Medical diagnosis is a complex subject and suffers from several pitfalls. Although study of medicine is a science, practice is an art. Mistakes can happen at enormous cost to patient and their family and doctor. Clinical Decision Support Systems (CDSS) are developed to minimize the errors. AI-MED is designed to help doctors minimize errors in their practice. In a study it was found that 225 000 patients die each year because of medical error including diagnostic errors (15%) and side effects of medications (45%). CDSS is made mandatory for use in USA along with HIS to minimize these errors. Diagnostic errors are made by doctors because of several reasons. Psychologists studied these and found that salient distracting features might be one of the reasons. For example, one might think some features are important because of their current relationship to some event but may not be involved in disease process or unrelated to diagnosis. Similarly faulty reasoning might be due to cognitive or confirmation bias. Some other errors might be due to anchoring or framing or early closure of leads. AI-MED is designed to minimize these errors by disrupting the process. AI-MED diagnostic process is disruptive for traditional diagnosis (by not considering any bias invariably involved in human reasoning) and hence minimize errors.

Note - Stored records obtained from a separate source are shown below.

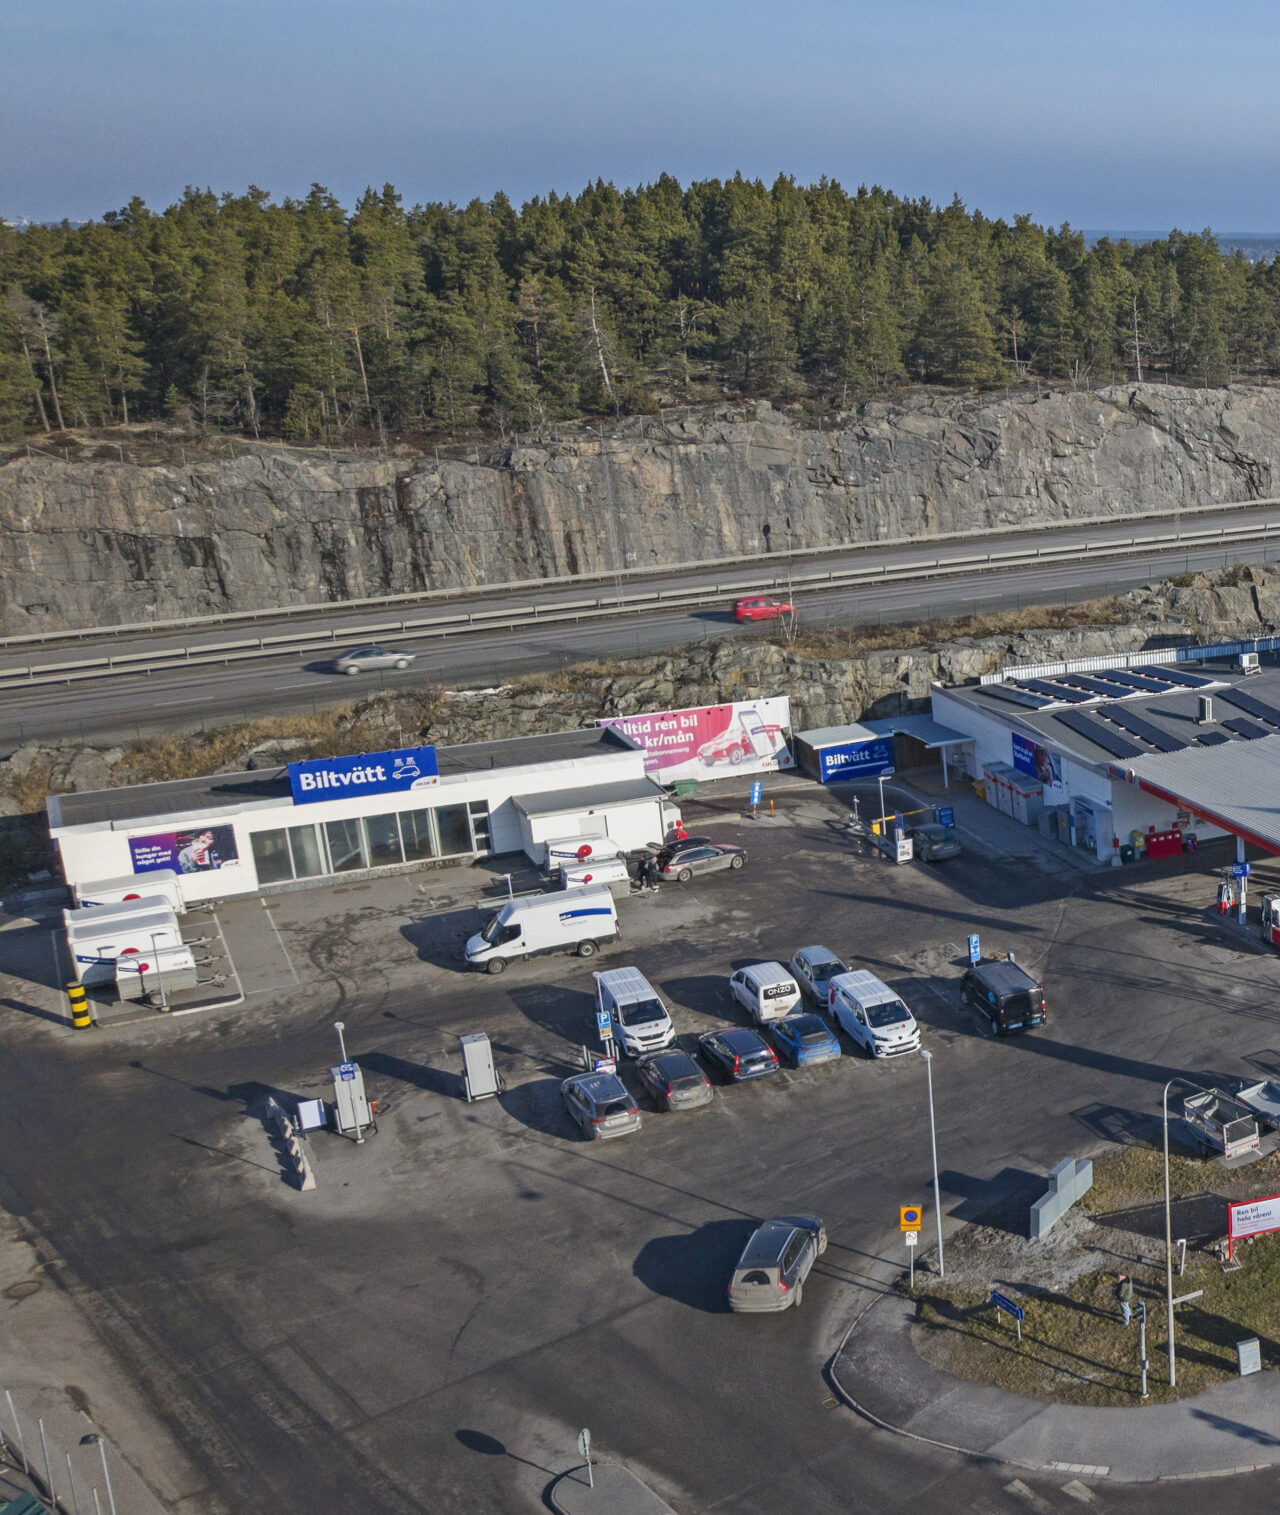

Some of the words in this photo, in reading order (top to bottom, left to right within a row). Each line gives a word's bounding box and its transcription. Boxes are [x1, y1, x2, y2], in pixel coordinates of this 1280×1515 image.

[654, 719, 678, 732] ren
[680, 714, 698, 728] bil
[645, 731, 694, 748] kr/mån
[826, 751, 871, 767] Biltvätt
[299, 765, 387, 791] Biltvätt
[767, 985, 791, 996] ONZO

Artificial intelligence (AI) consists of Natural Language Processing (NLP) and Diagnostic Decision Support (DDS) and are part of CDSS. Some examples of NLP include a statistical text classifier. However,clinical terms are much complex and usually are based on Latin and Greek terms. A Standardized Nomenclature of Medical Terminology-Clinical Terms (SNOMED-CT) was developed for text classification. The terms (over 300 000) are indexed by 9 digit numbers for accurate description and automated processing. Algorithms are built to use this index for correct interpretation of patient data. DDS is applied on patient data for diagnosis. Bayesian probabilistic belief networks are popular and their approximation methods can be used for diagnosis. Physician Assistant Artificial Intelligence Reference System (PAIRS) is developed in similar lines. It has about 28 000 disease-feature links for about 486 internal medicine diseases and 2000 features. PAIRS features consist of symptoms, signs or tests. It’s AI consists of NLP and DDS. NLP is based on SNOMED-CT word index analysis. It’s algorithm generates a word based indices from which the possible synonyms are selected and displayed. User can enter data as one likes and program looks for their synonyms from a feature list. AI-MED uses PAIRS database. User friendly NLP enables one to enter clinical data as one likes. For example, acronyms are identified correctly by NLP. Once patient data is entered, one can run DDS.
AI-MED uses Approximation method of Bayesian Probabilistic method for its DDS. This method was published in Journal of Artificial Intelligence Research by Tommi Jaakkola and Michael Jordan in 1999. Each of PAIRS features are weighted (0.09 to 0.99) according to their pathophysiological basis and their clinical importance. Diagnostic decision is clustered into one of each group for: infection, neoplasia, autoimmune or others. DDS runs on patient data to give a set of possible diagnoses. AI-MED gives diagnostic data irrespective of any bias. For any given patient data, it builds a case data from PAIRS database. Case data includes weights, incidence of disease and their statistical leak factors. DDS is designed to calculate an approximation of probability of a disease. This approximation has an upper and lower bounds. Accuracy of implementation of these algebraic algorithms are verified by resulting consistent numerical variation of 0.00004 to 0.00009 between the bounds. A Bayesian probabilistic estimation is made for a diagnosis. Finally, a set of investigations are suggested for testing the possible diagnosis. The output can be saved in a file for further reference.